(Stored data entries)
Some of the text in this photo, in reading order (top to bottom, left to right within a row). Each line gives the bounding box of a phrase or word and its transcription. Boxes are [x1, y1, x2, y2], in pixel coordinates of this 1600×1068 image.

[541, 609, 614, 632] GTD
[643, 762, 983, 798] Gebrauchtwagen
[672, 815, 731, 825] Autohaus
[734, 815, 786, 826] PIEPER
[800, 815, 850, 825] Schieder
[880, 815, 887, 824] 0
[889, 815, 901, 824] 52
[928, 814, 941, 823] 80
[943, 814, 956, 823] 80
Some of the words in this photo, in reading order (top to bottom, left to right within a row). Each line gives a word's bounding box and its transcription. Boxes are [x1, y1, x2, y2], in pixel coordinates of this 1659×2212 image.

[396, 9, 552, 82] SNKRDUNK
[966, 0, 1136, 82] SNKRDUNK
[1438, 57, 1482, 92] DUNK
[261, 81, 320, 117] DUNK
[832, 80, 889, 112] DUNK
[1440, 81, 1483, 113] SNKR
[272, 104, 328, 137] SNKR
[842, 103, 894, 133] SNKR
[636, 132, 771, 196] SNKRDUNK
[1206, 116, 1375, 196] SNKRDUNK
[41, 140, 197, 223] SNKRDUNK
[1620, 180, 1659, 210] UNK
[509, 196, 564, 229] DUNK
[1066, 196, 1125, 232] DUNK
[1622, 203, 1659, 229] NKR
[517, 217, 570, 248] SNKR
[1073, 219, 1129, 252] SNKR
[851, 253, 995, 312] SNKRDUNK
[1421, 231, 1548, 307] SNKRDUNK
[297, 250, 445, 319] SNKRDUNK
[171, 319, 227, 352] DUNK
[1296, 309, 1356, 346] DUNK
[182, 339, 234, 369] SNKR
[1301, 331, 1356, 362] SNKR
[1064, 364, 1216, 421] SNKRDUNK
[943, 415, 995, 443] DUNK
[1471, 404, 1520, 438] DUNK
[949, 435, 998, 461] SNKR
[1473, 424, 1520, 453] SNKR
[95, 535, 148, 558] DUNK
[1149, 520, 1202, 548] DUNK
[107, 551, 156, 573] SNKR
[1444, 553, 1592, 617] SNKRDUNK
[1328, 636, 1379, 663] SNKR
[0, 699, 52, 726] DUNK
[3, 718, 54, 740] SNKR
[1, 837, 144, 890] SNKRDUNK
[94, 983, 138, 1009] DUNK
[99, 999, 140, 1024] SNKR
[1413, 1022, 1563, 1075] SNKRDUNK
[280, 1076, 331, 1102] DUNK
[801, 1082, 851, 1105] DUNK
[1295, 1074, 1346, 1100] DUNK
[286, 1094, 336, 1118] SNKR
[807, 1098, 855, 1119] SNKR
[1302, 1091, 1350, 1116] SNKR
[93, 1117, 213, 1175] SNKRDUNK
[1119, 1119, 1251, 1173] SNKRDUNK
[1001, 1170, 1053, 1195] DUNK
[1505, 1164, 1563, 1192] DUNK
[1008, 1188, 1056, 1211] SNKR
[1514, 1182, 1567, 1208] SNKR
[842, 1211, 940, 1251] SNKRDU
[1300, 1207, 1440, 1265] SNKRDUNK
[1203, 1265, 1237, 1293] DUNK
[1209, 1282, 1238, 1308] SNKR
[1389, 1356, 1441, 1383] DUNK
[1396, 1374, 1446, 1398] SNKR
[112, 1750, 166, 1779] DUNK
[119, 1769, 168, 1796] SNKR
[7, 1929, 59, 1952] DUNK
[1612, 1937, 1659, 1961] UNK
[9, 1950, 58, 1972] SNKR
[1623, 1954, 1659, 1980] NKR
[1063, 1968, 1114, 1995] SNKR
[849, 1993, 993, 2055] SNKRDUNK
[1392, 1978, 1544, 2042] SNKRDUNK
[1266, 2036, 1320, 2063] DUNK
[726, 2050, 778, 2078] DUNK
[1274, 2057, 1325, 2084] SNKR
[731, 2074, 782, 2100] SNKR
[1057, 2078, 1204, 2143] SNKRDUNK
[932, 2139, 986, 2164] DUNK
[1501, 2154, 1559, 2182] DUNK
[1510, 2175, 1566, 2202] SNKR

■ Aim of the task
Write out the records above exactly as given.

■ Completed exercise
Some of the text in this photo, in reading order (top to bottom, left to right within a row). Each line gives the bounding box of a phrase or word and its transcription. Boxes are [x1, y1, x2, y2], in pixel coordinates of this 1600×1068 image.

[541, 609, 614, 632] GTD
[643, 762, 983, 798] Gebrauchtwagen
[672, 815, 731, 825] Autohaus
[734, 815, 786, 826] PIEPER
[800, 815, 850, 825] Schieder
[880, 815, 887, 824] 0
[889, 815, 901, 824] 52
[928, 814, 941, 823] 80
[943, 814, 956, 823] 80
Some of the words in this photo, in reading order (top to bottom, left to right within a row). Each line gives a word's bounding box and its transcription. Boxes are [x1, y1, x2, y2], in pixel coordinates of this 1659×2212 image.

[396, 9, 552, 82] SNKRDUNK
[966, 0, 1136, 82] SNKRDUNK
[1438, 57, 1482, 92] DUNK
[261, 81, 320, 117] DUNK
[832, 80, 889, 112] DUNK
[1440, 81, 1483, 113] SNKR
[272, 104, 328, 137] SNKR
[842, 103, 894, 133] SNKR
[636, 132, 771, 196] SNKRDUNK
[1206, 116, 1375, 196] SNKRDUNK
[41, 140, 197, 223] SNKRDUNK
[1620, 180, 1659, 210] UNK
[509, 196, 564, 229] DUNK
[1066, 196, 1125, 232] DUNK
[1622, 203, 1659, 229] NKR
[517, 217, 570, 248] SNKR
[1073, 219, 1129, 252] SNKR
[851, 253, 995, 312] SNKRDUNK
[1421, 231, 1548, 307] SNKRDUNK
[297, 250, 445, 319] SNKRDUNK
[171, 319, 227, 352] DUNK
[1296, 309, 1356, 346] DUNK
[182, 339, 234, 369] SNKR
[1301, 331, 1356, 362] SNKR
[1064, 364, 1216, 421] SNKRDUNK
[943, 415, 995, 443] DUNK
[1471, 404, 1520, 438] DUNK
[949, 435, 998, 461] SNKR
[1473, 424, 1520, 453] SNKR
[95, 535, 148, 558] DUNK
[1149, 520, 1202, 548] DUNK
[107, 551, 156, 573] SNKR
[1444, 553, 1592, 617] SNKRDUNK
[1328, 636, 1379, 663] SNKR
[0, 699, 52, 726] DUNK
[3, 718, 54, 740] SNKR
[1, 837, 144, 890] SNKRDUNK
[94, 983, 138, 1009] DUNK
[99, 999, 140, 1024] SNKR
[1413, 1022, 1563, 1075] SNKRDUNK
[280, 1076, 331, 1102] DUNK
[801, 1082, 851, 1105] DUNK
[1295, 1074, 1346, 1100] DUNK
[286, 1094, 336, 1118] SNKR
[807, 1098, 855, 1119] SNKR
[1302, 1091, 1350, 1116] SNKR
[93, 1117, 213, 1175] SNKRDUNK
[1119, 1119, 1251, 1173] SNKRDUNK
[1001, 1170, 1053, 1195] DUNK
[1505, 1164, 1563, 1192] DUNK
[1008, 1188, 1056, 1211] SNKR
[1514, 1182, 1567, 1208] SNKR
[842, 1211, 940, 1251] SNKRDU
[1300, 1207, 1440, 1265] SNKRDUNK
[1203, 1265, 1237, 1293] DUNK
[1209, 1282, 1238, 1308] SNKR
[1389, 1356, 1441, 1383] DUNK
[1396, 1374, 1446, 1398] SNKR
[112, 1750, 166, 1779] DUNK
[119, 1769, 168, 1796] SNKR
[7, 1929, 59, 1952] DUNK
[1612, 1937, 1659, 1961] UNK
[9, 1950, 58, 1972] SNKR
[1623, 1954, 1659, 1980] NKR
[1063, 1968, 1114, 1995] SNKR
[849, 1993, 993, 2055] SNKRDUNK
[1392, 1978, 1544, 2042] SNKRDUNK
[1266, 2036, 1320, 2063] DUNK
[726, 2050, 778, 2078] DUNK
[1274, 2057, 1325, 2084] SNKR
[731, 2074, 782, 2100] SNKR
[1057, 2078, 1204, 2143] SNKRDUNK
[932, 2139, 986, 2164] DUNK
[1501, 2154, 1559, 2182] DUNK
[1510, 2175, 1566, 2202] SNKR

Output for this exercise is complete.